(Listed records begins)

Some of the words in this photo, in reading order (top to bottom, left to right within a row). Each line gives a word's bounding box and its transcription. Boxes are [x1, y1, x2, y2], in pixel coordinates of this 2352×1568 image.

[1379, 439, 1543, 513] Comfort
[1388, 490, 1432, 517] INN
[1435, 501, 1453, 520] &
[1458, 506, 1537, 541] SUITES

(Listed records ends)
(Listed records begins)

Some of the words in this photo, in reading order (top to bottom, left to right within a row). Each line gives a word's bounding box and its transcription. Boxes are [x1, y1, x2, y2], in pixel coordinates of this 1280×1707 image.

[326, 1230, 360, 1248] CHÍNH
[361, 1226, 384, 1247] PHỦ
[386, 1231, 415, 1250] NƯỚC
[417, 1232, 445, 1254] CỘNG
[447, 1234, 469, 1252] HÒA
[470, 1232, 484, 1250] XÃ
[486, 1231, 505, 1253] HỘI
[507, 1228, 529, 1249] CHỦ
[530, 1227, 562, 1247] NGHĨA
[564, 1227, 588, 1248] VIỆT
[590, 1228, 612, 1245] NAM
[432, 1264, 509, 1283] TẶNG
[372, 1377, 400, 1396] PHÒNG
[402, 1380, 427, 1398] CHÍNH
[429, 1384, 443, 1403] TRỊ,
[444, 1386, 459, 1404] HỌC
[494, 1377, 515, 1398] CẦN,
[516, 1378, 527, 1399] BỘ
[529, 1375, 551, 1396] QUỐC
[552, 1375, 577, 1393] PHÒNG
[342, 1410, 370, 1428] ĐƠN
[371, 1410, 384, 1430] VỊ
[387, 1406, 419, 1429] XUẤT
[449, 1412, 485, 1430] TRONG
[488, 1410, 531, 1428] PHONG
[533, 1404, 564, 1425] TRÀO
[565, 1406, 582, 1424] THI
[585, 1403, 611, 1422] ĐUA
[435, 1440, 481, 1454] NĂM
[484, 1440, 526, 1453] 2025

(Listed records ends)
(Listed records begins)

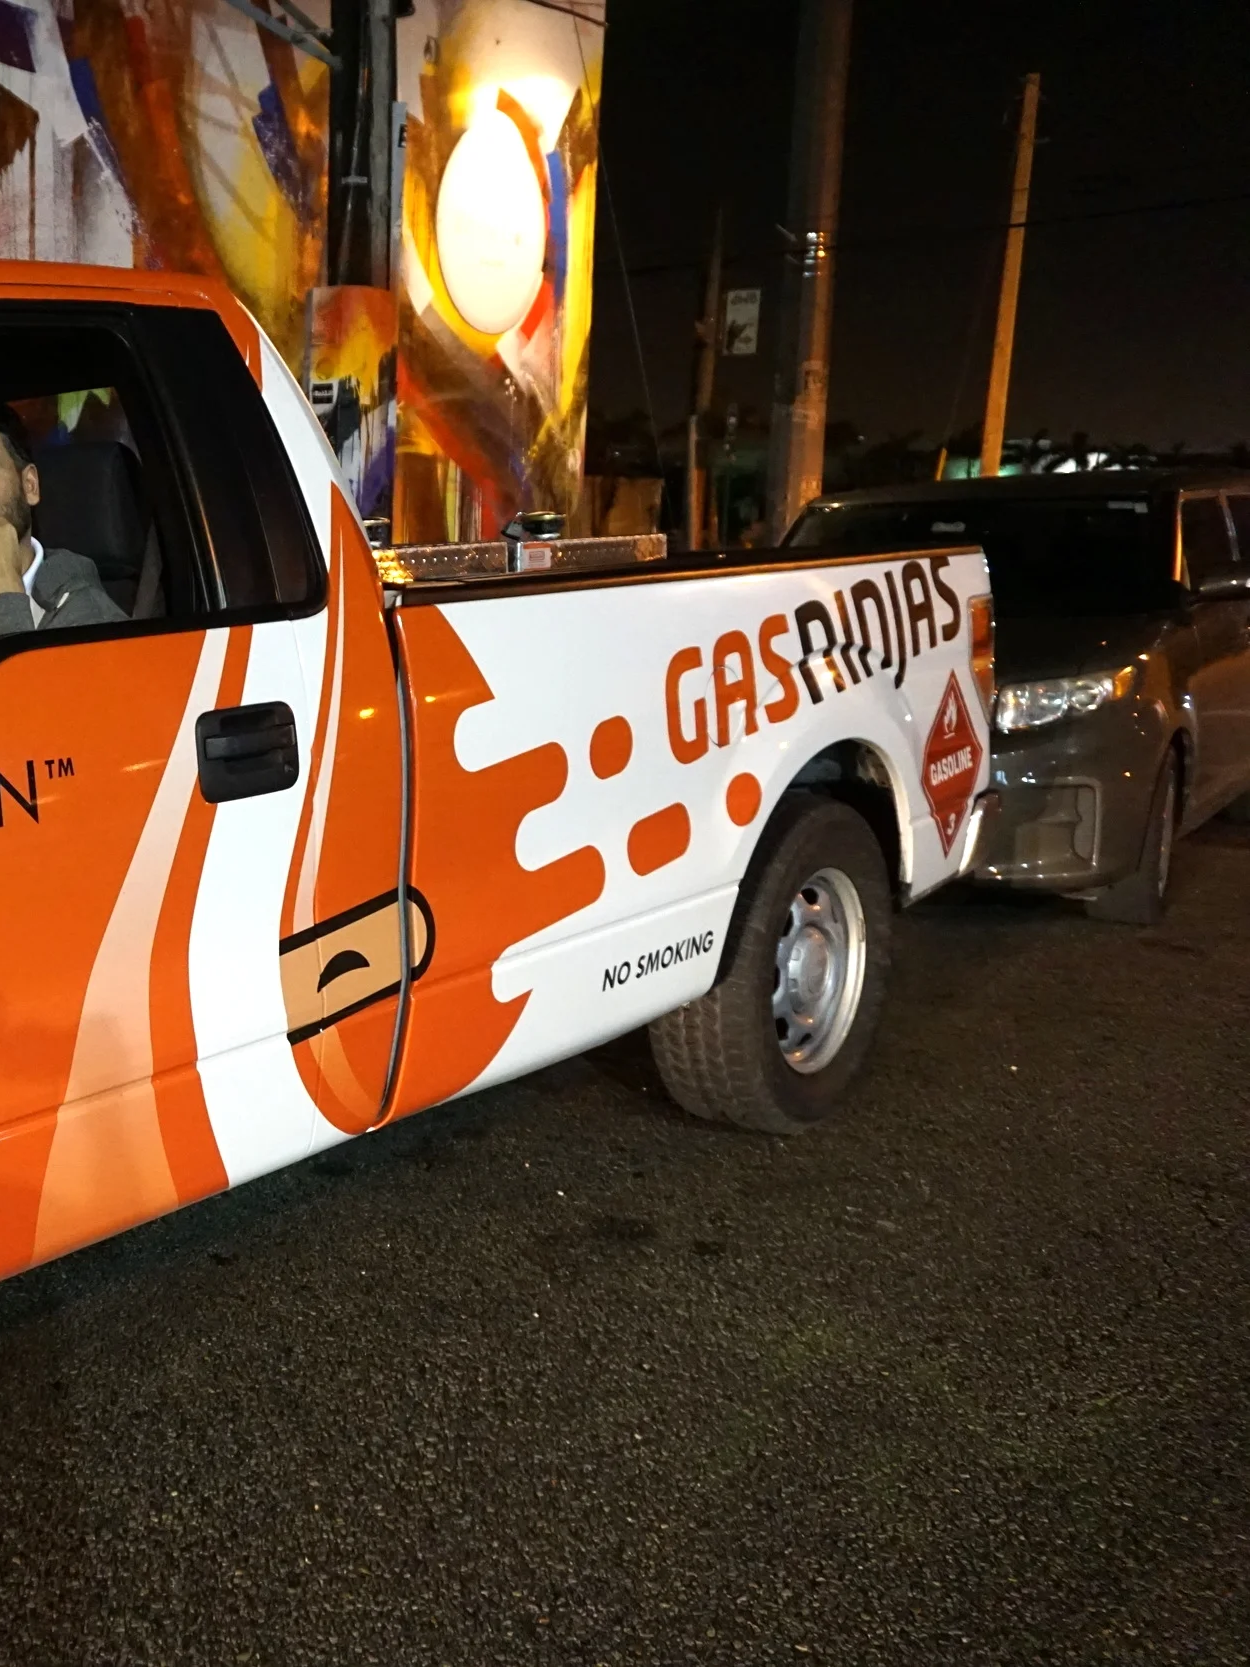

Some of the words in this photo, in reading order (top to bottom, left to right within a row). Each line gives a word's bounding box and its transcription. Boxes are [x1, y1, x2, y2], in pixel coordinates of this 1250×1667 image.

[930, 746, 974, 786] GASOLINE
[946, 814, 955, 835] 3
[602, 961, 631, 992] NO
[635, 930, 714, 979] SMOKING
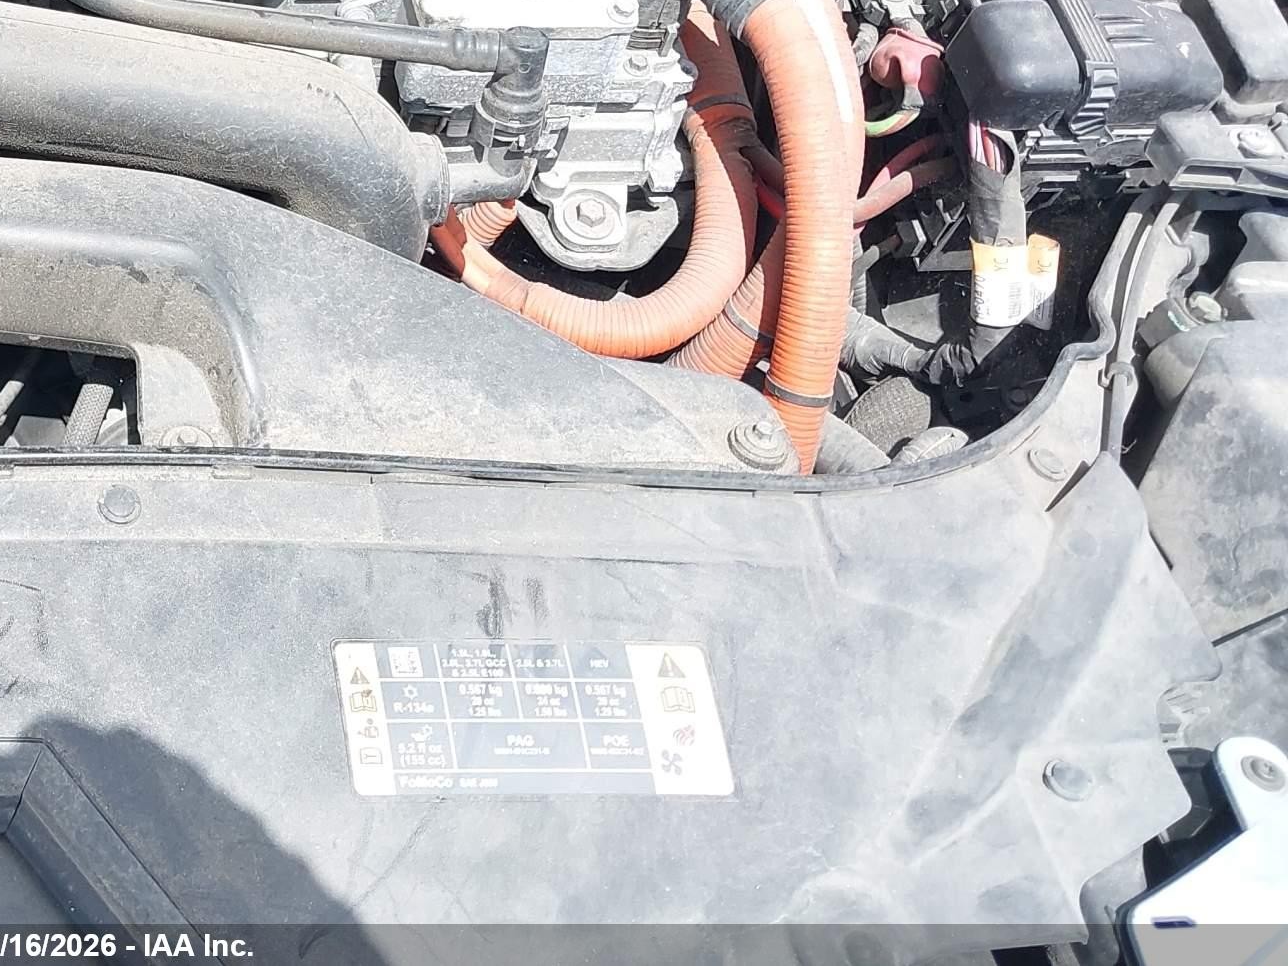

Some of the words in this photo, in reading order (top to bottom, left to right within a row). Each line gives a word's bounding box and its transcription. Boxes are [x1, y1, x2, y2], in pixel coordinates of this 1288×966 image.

(Listed records ends)

From the records above, quote word for word only the lines beginning at the line that has "this 1250×1667 image." and stopping after the line that has "this 1288×966 image.". Omit the pictures.

** Worked solution **
Some of the words in this photo, in reading order (top to bottom, left to right within a row). Each line gives a word's bounding box and its transcription. Boxes are [x1, y1, x2, y2], in pixel coordinates of this 1250×1667 image.

[930, 746, 974, 786] GASOLINE
[946, 814, 955, 835] 3
[602, 961, 631, 992] NO
[635, 930, 714, 979] SMOKING

Some of the words in this photo, in reading order (top to bottom, left to right within a row). Each line gives a word's bounding box and its transcription. Boxes are [x1, y1, x2, y2], in pixel coordinates of this 1288×966 image.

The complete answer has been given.